▶ TASK OBJECTIVE
Any picture in the listing is left out of the copy; all else is duplicated exactly.

▶ SUPPLIED DATA
Content starts
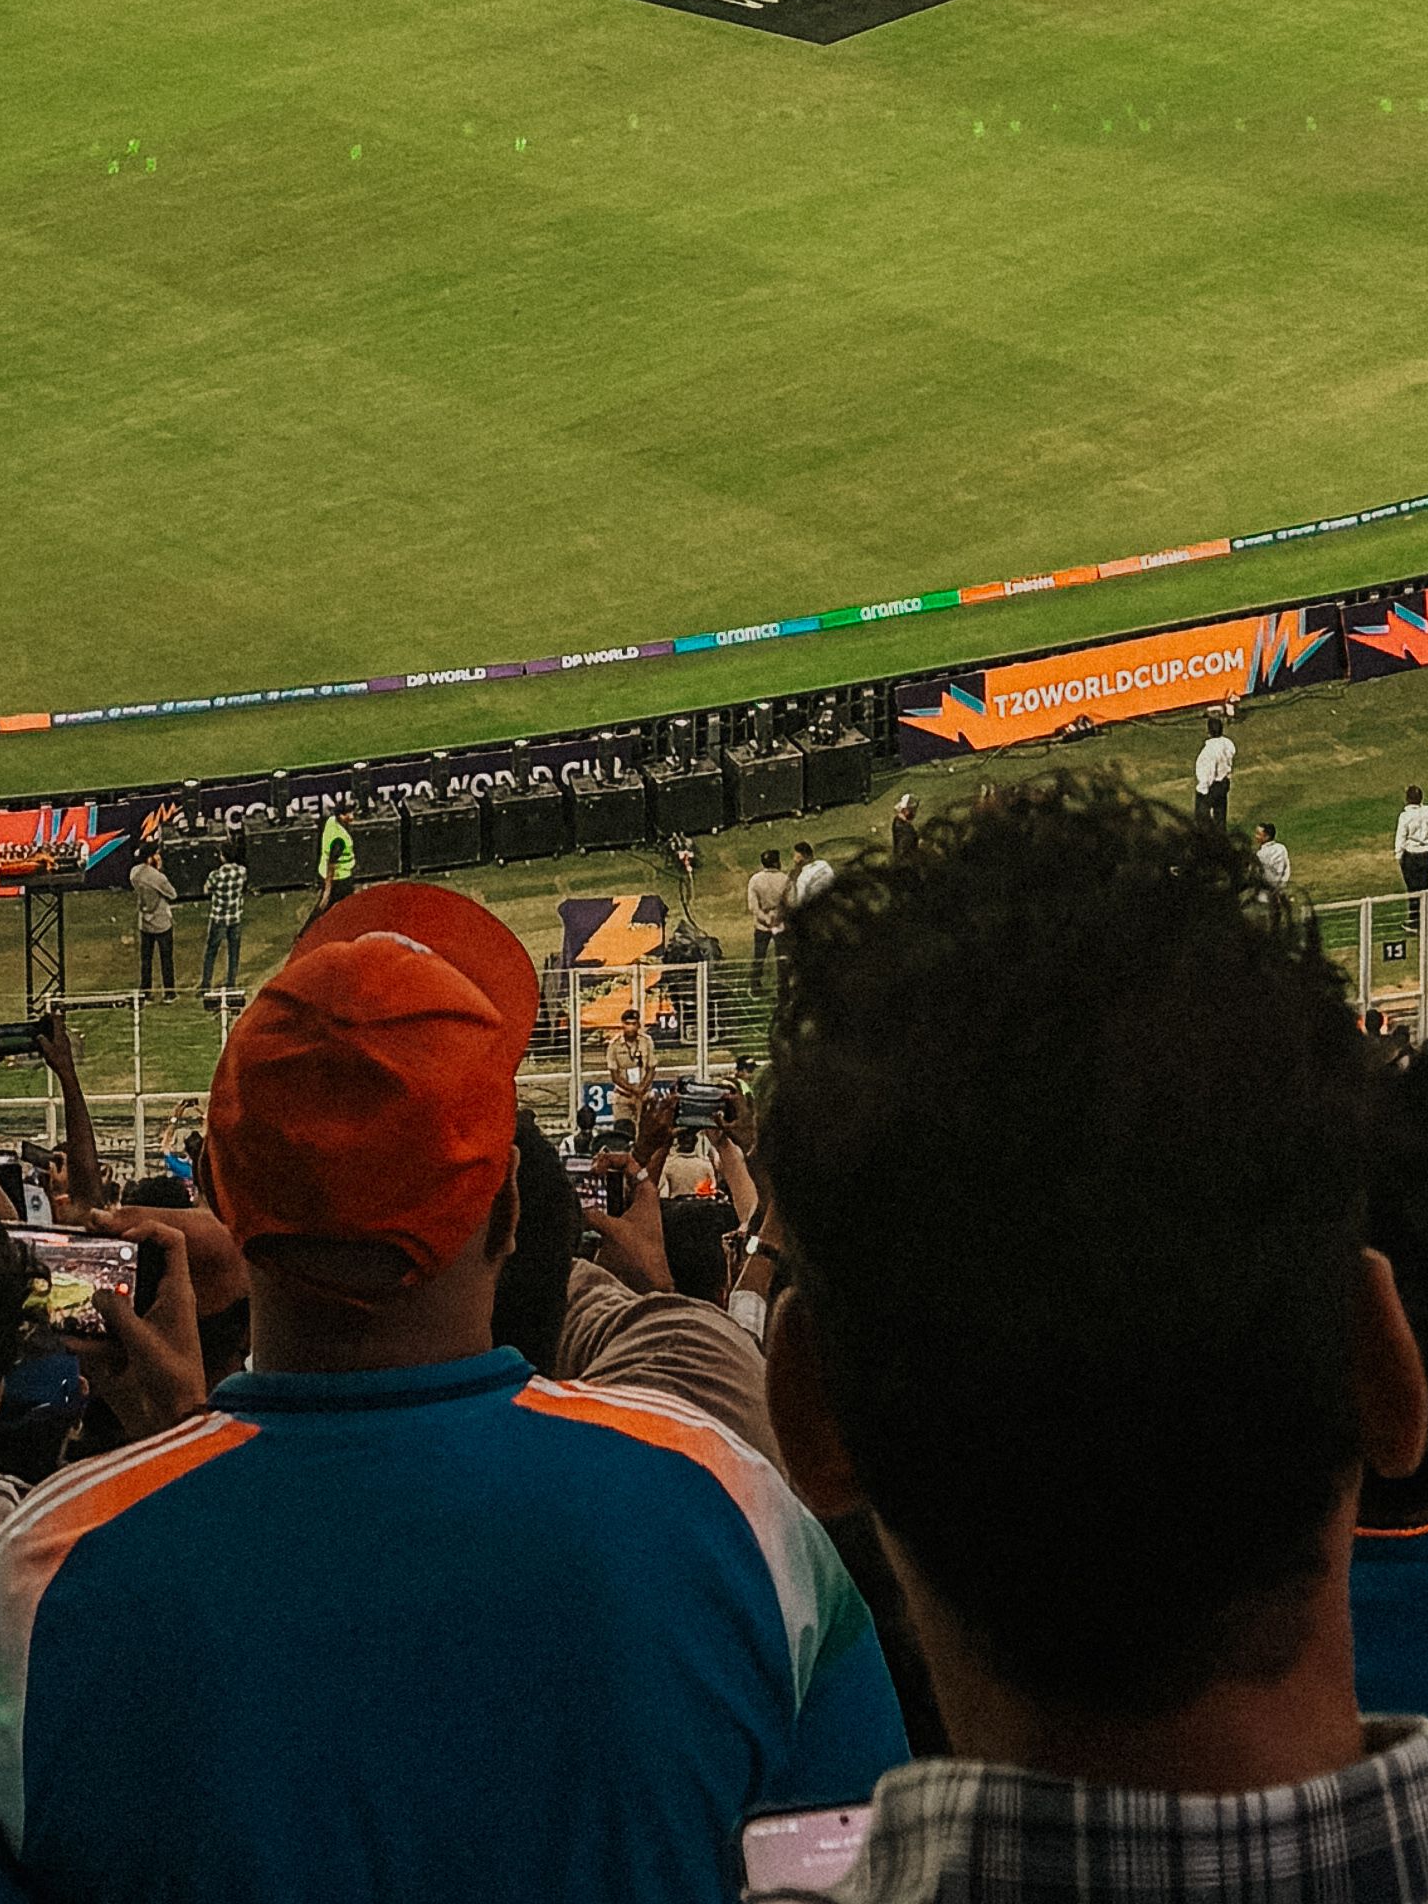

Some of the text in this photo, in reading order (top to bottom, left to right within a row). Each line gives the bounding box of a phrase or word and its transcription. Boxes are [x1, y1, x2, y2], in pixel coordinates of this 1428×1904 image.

[860, 597, 923, 622] aramco
[584, 647, 639, 665] WORLD
[429, 667, 486, 685] WORLD
[994, 646, 1245, 718] T20WORLDCUP.COM
[658, 1015, 678, 1029] 16
[588, 1085, 605, 1111] 3
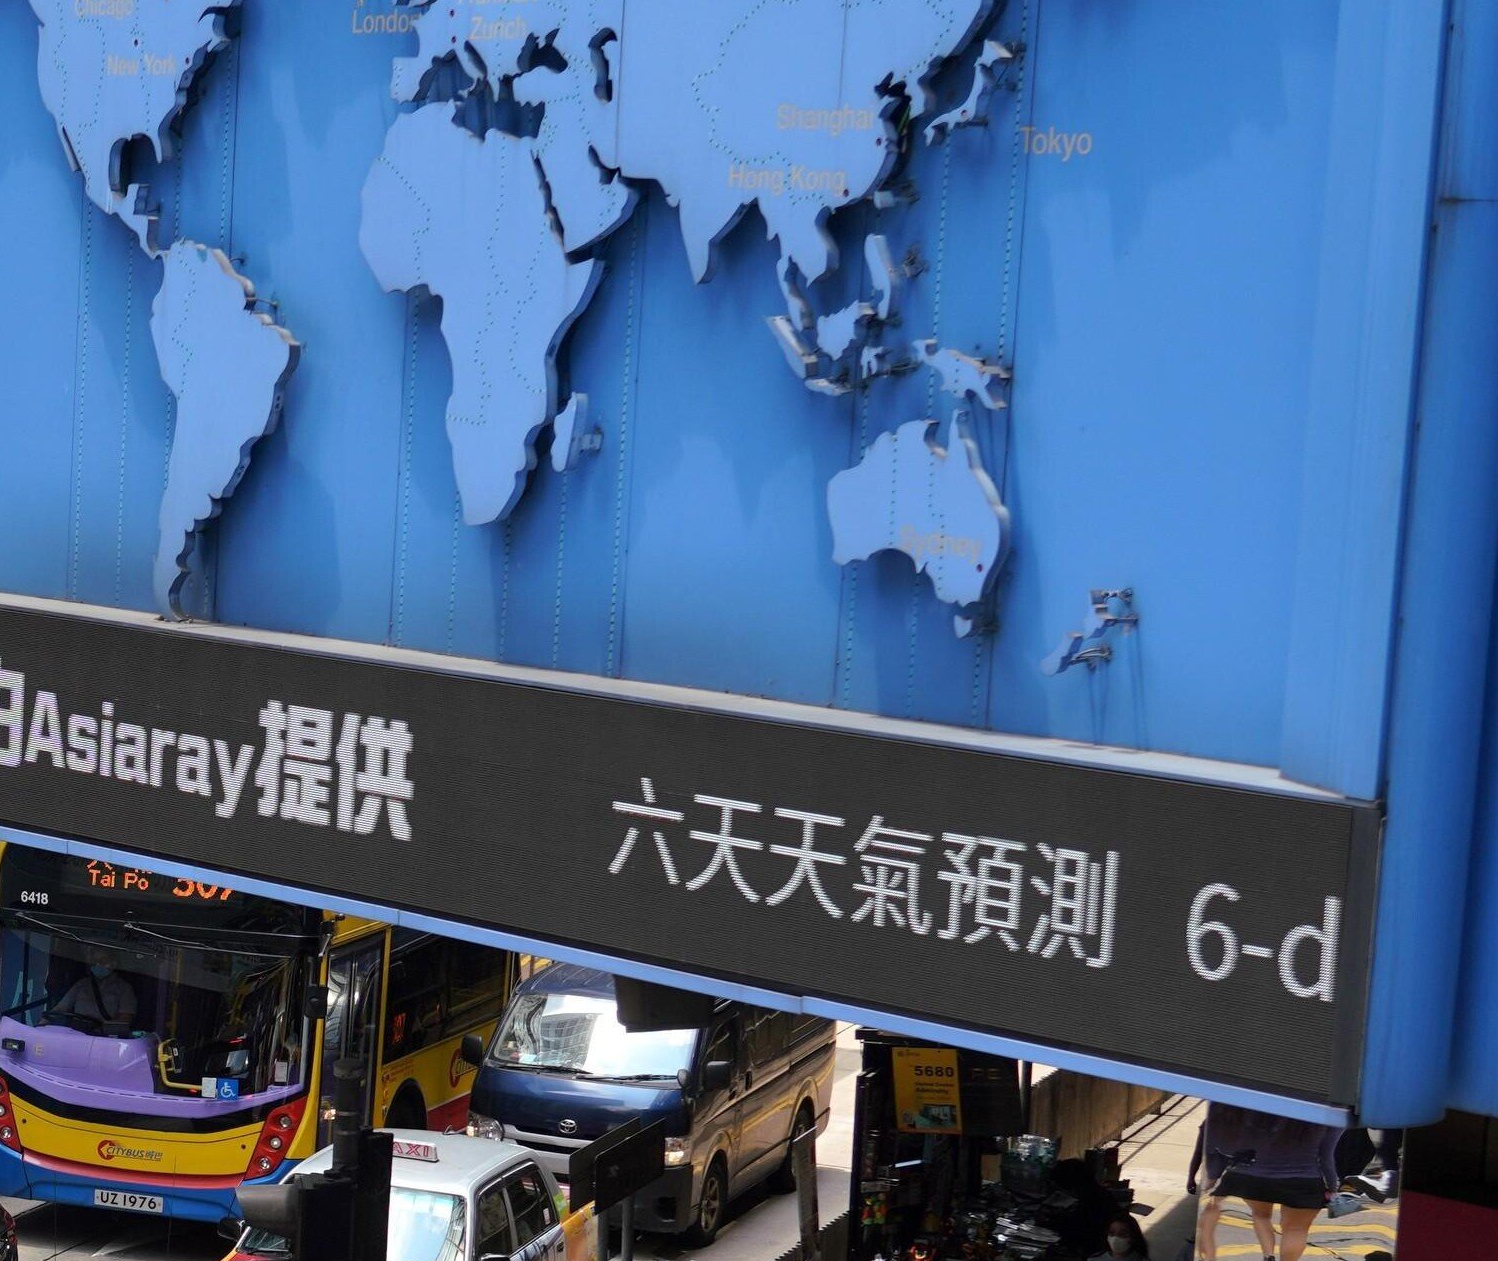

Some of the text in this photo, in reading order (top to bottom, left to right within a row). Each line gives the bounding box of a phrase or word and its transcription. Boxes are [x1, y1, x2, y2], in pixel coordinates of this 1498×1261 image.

[470, 14, 527, 41] Zurich
[106, 54, 177, 76] New York
[776, 103, 875, 137] Shanghai
[1020, 127, 1092, 161] Tokyo
[727, 163, 846, 196] Hong Kong
[900, 525, 983, 563] Sydney
[88, 869, 149, 891] Tai Po
[607, 775, 1341, 1003] 六天天氣預測 6-d
[20, 890, 49, 906] 6418
[914, 1065, 955, 1078] 5680
[106, 1146, 146, 1158] CITYBUS
[392, 1141, 430, 1158] AXI
[100, 1191, 157, 1210] UZ 1976
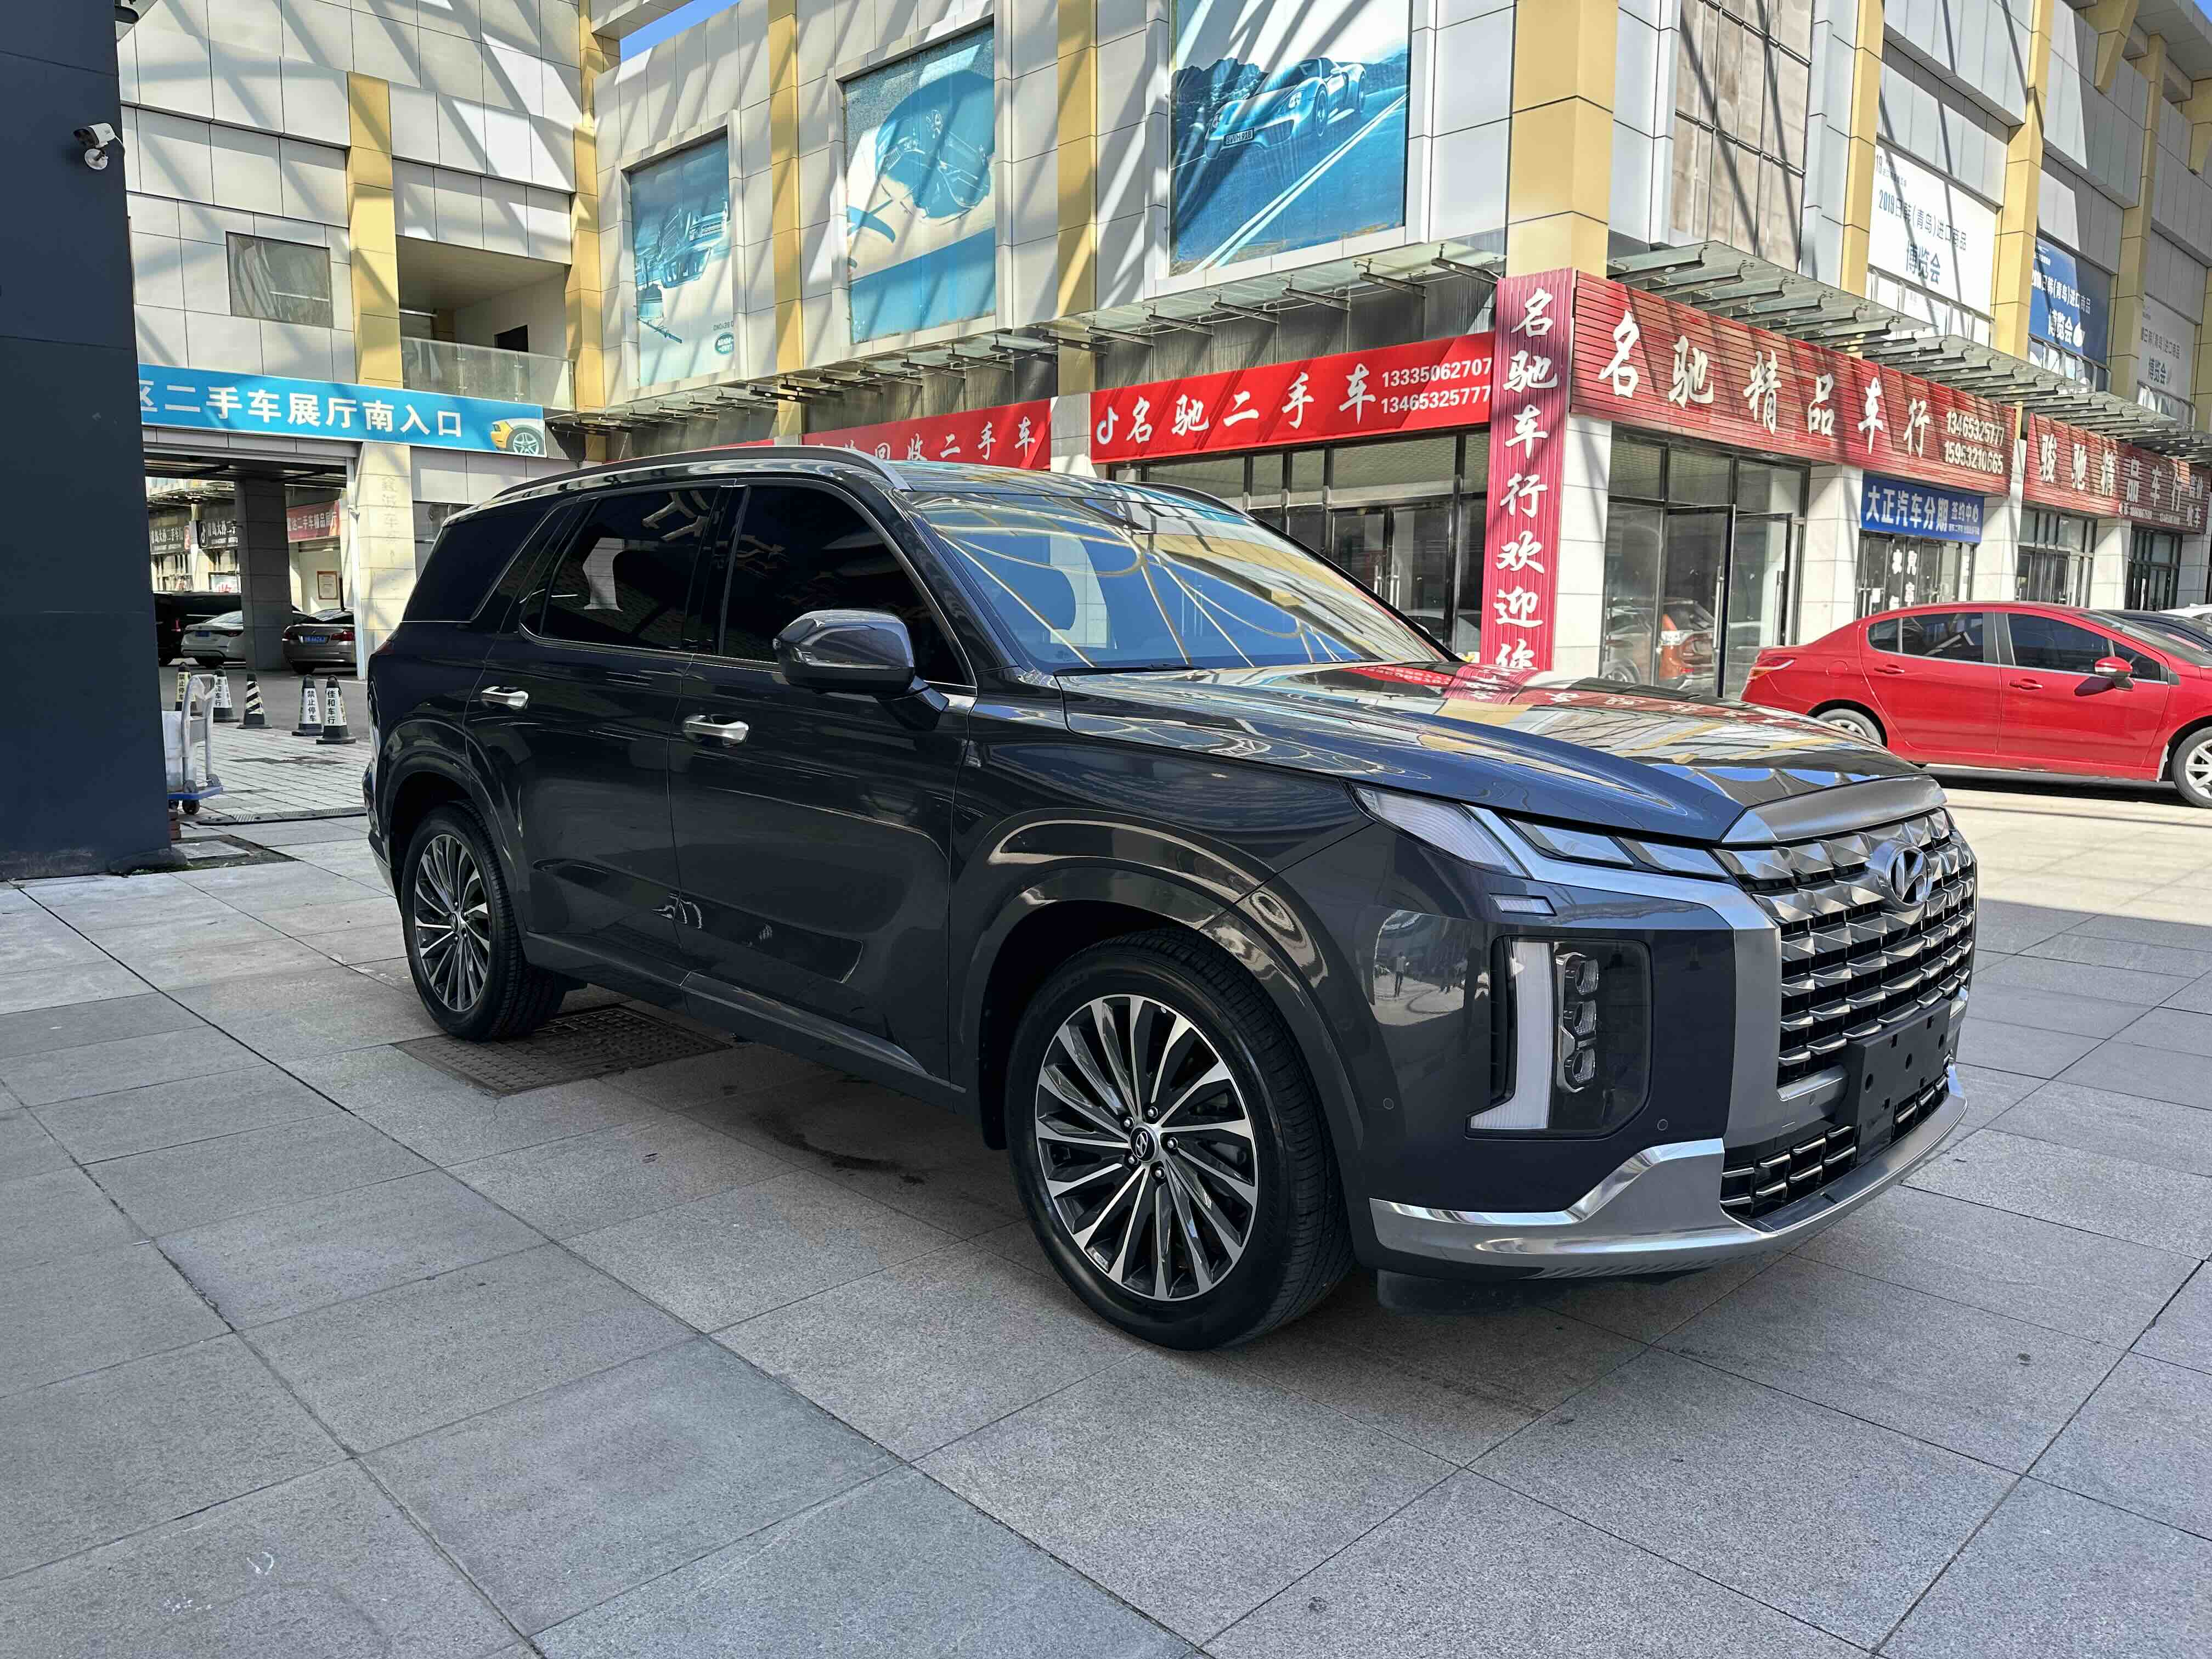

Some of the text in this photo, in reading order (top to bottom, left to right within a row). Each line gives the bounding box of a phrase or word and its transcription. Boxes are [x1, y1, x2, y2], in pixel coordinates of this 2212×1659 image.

[1241, 130, 1251, 140] 918
[1906, 240, 1940, 285] 博览会
[2047, 307, 2073, 345] 博览会
[1381, 357, 1492, 388] 13335062707
[1598, 309, 1931, 458] 名驰精品车行
[1126, 363, 1376, 444] 名驰二手车
[1380, 385, 1491, 415] 13465325777
[1946, 411, 2005, 447] 13465325777
[1944, 441, 2004, 475] 15953210665
[1865, 485, 1949, 532] 大正汽车分期
[307, 691, 316, 722] 禁止停车
[328, 690, 336, 724] 佳和车行
Content ends
▶ COMPLETED TASK
Some of the text in this photo, in reading order (top to bottom, left to right within a row). Each line gives the bounding box of a phrase or word and its transcription. Boxes are [x1, y1, x2, y2], in pixel coordinates of this 1428×1904 image.

[860, 597, 923, 622] aramco
[584, 647, 639, 665] WORLD
[429, 667, 486, 685] WORLD
[994, 646, 1245, 718] T20WORLDCUP.COM
[658, 1015, 678, 1029] 16
[588, 1085, 605, 1111] 3

Some of the text in this photo, in reading order (top to bottom, left to right within a row). Each line gives the bounding box of a phrase or word and its transcription. Boxes are [x1, y1, x2, y2], in pixel coordinates of this 1498×1261 image.

[470, 14, 527, 41] Zurich
[106, 54, 177, 76] New York
[776, 103, 875, 137] Shanghai
[1020, 127, 1092, 161] Tokyo
[727, 163, 846, 196] Hong Kong
[900, 525, 983, 563] Sydney
[88, 869, 149, 891] Tai Po
[607, 775, 1341, 1003] 六天天氣預測 6-d
[20, 890, 49, 906] 6418
[914, 1065, 955, 1078] 5680
[106, 1146, 146, 1158] CITYBUS
[392, 1141, 430, 1158] AXI
[100, 1191, 157, 1210] UZ 1976

Some of the text in this photo, in reading order (top to bottom, left to right within a row). Each line gives the bounding box of a phrase or word and its transcription. Boxes are [x1, y1, x2, y2], in pixel coordinates of this 2212×1659 image.

[1241, 130, 1251, 140] 918
[1906, 240, 1940, 285] 博览会
[2047, 307, 2073, 345] 博览会
[1381, 357, 1492, 388] 13335062707
[1598, 309, 1931, 458] 名驰精品车行
[1126, 363, 1376, 444] 名驰二手车
[1380, 385, 1491, 415] 13465325777
[1946, 411, 2005, 447] 13465325777
[1944, 441, 2004, 475] 15953210665
[1865, 485, 1949, 532] 大正汽车分期
[307, 691, 316, 722] 禁止停车
[328, 690, 336, 724] 佳和车行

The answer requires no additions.